1 double pie crust
6 cups peeled, cored and sliced apples
1/3 cup frozen apple juice concentrate, thawed, or 3/4 cup apple juice
2-3 tablespoons flour
1 teaspoon ground cinnamon
1-1/2 cups fresh raspberries, blueberries or strawberries
2 tablespoons cold unsalted butter, cut into pieces
1 egg white whisked with 1 tablespoon water
Combine apples, apple juice concentrate, 2 tablespoons flour (3 if using apple juice), and cinnamon in a large bowl. Set aside for 10 minutes. Preheat oven to 350 degrees.
Place pastry in pie pan, pour berries in making one thick layer. Turn apples into the shell and smooth the top. Dot the filling with the butter. Lightly moisten the rim of the pie shell. Invert the top pastry over the filling, center. Press the top and bottom pastries together along the dampened edge. Trim the pastry with knife, leaving an even 1/2 inch overhang, sculpt the overhang into an upstanding ridge. Poke several steam vents in the top of the pie with a fork or knife. Brush the top of the pie with egg white mixture.

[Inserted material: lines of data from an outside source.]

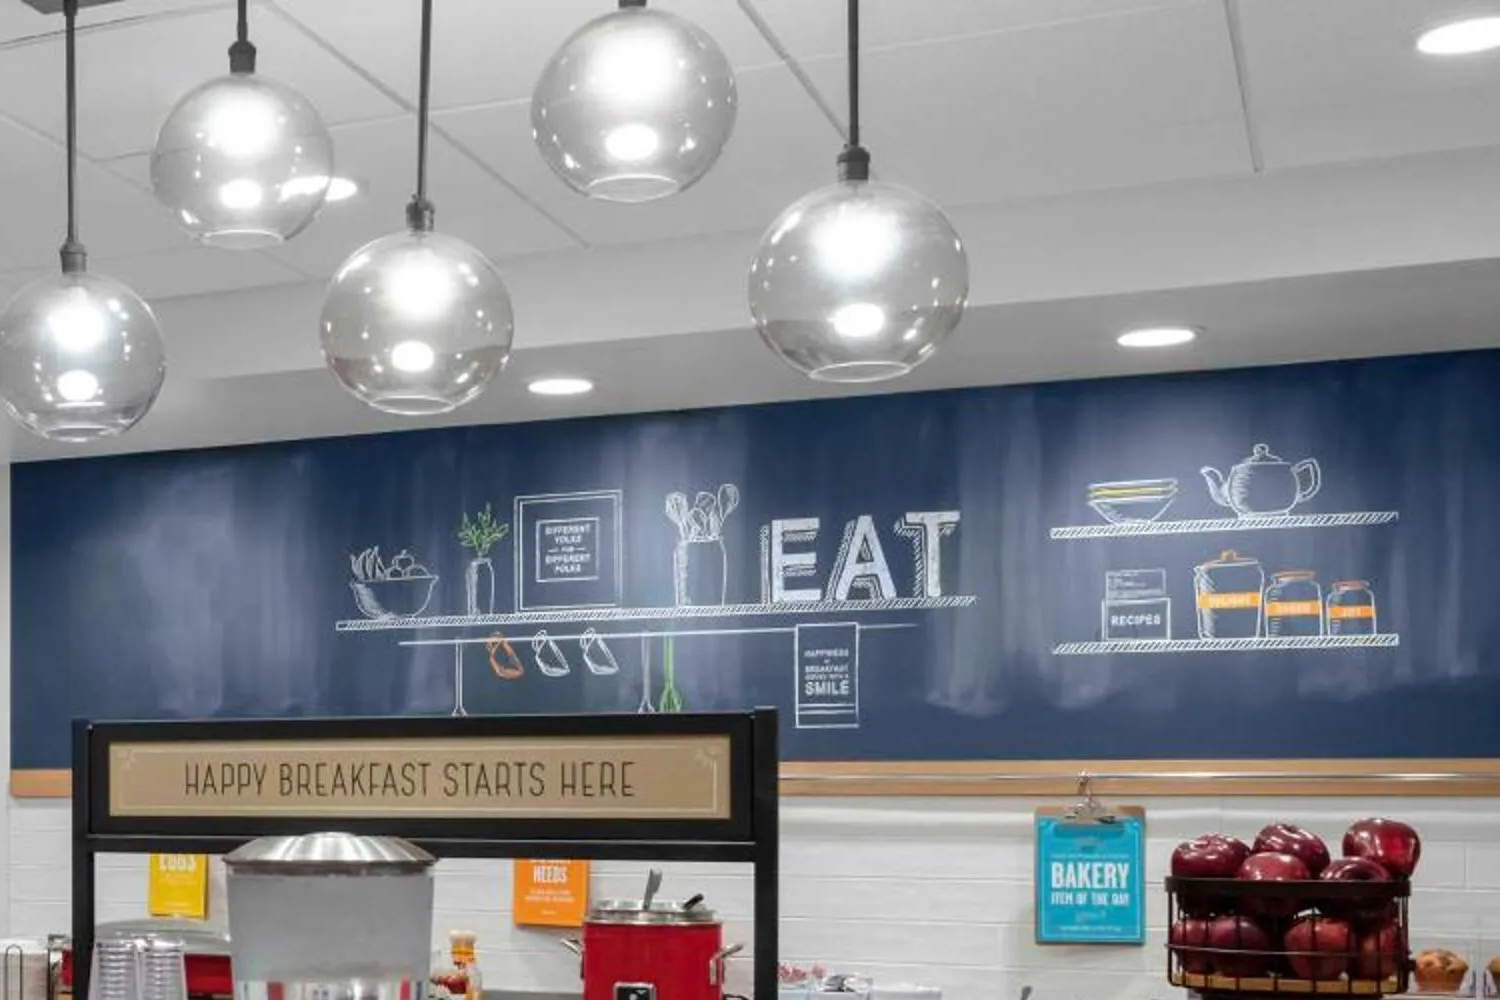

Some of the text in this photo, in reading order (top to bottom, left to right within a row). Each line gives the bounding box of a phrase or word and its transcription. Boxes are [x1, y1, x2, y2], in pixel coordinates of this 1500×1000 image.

[545, 523, 591, 536] DIFFERENT
[545, 553, 590, 565] DIFFERENT
[760, 510, 961, 602] EAT
[1111, 614, 1161, 626] RECIPES
[804, 679, 849, 696] SMILE
[184, 761, 635, 797] HAPPY BREAKFAST STARTS HERE
[1050, 862, 1130, 889] BAKERY
[1050, 891, 1131, 907] ITEM OF THE DAY
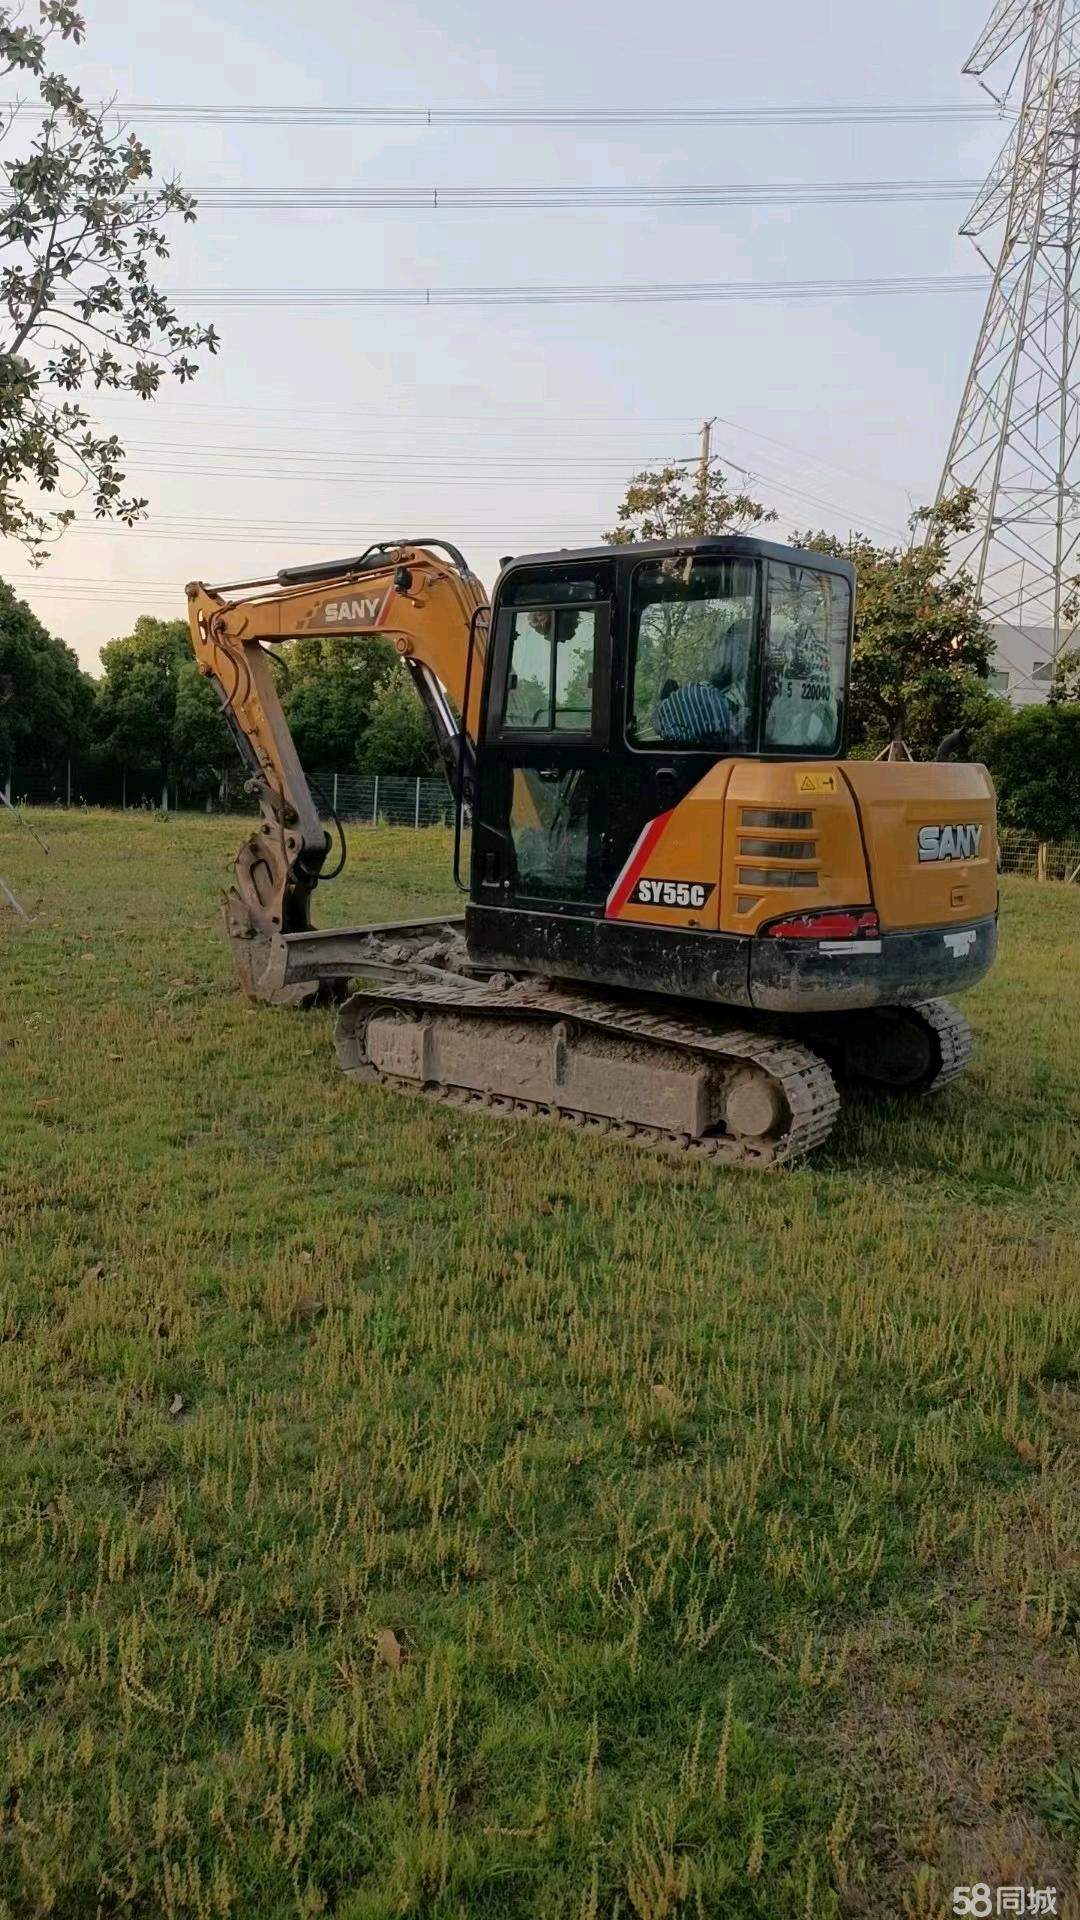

Place the pie in the center oven rack and bake for 45 minutes, then rotate the pie 180 degrees, so that the part that faced the back now faces the front. Slide a baking sheet onto the rack below to catch any drips. Continue to bake until the top is golden brown, the apples are tender and the juices bubble, about 30 minutes.
Transfer pie to wire rack and let cool for at least 2 hours before serving.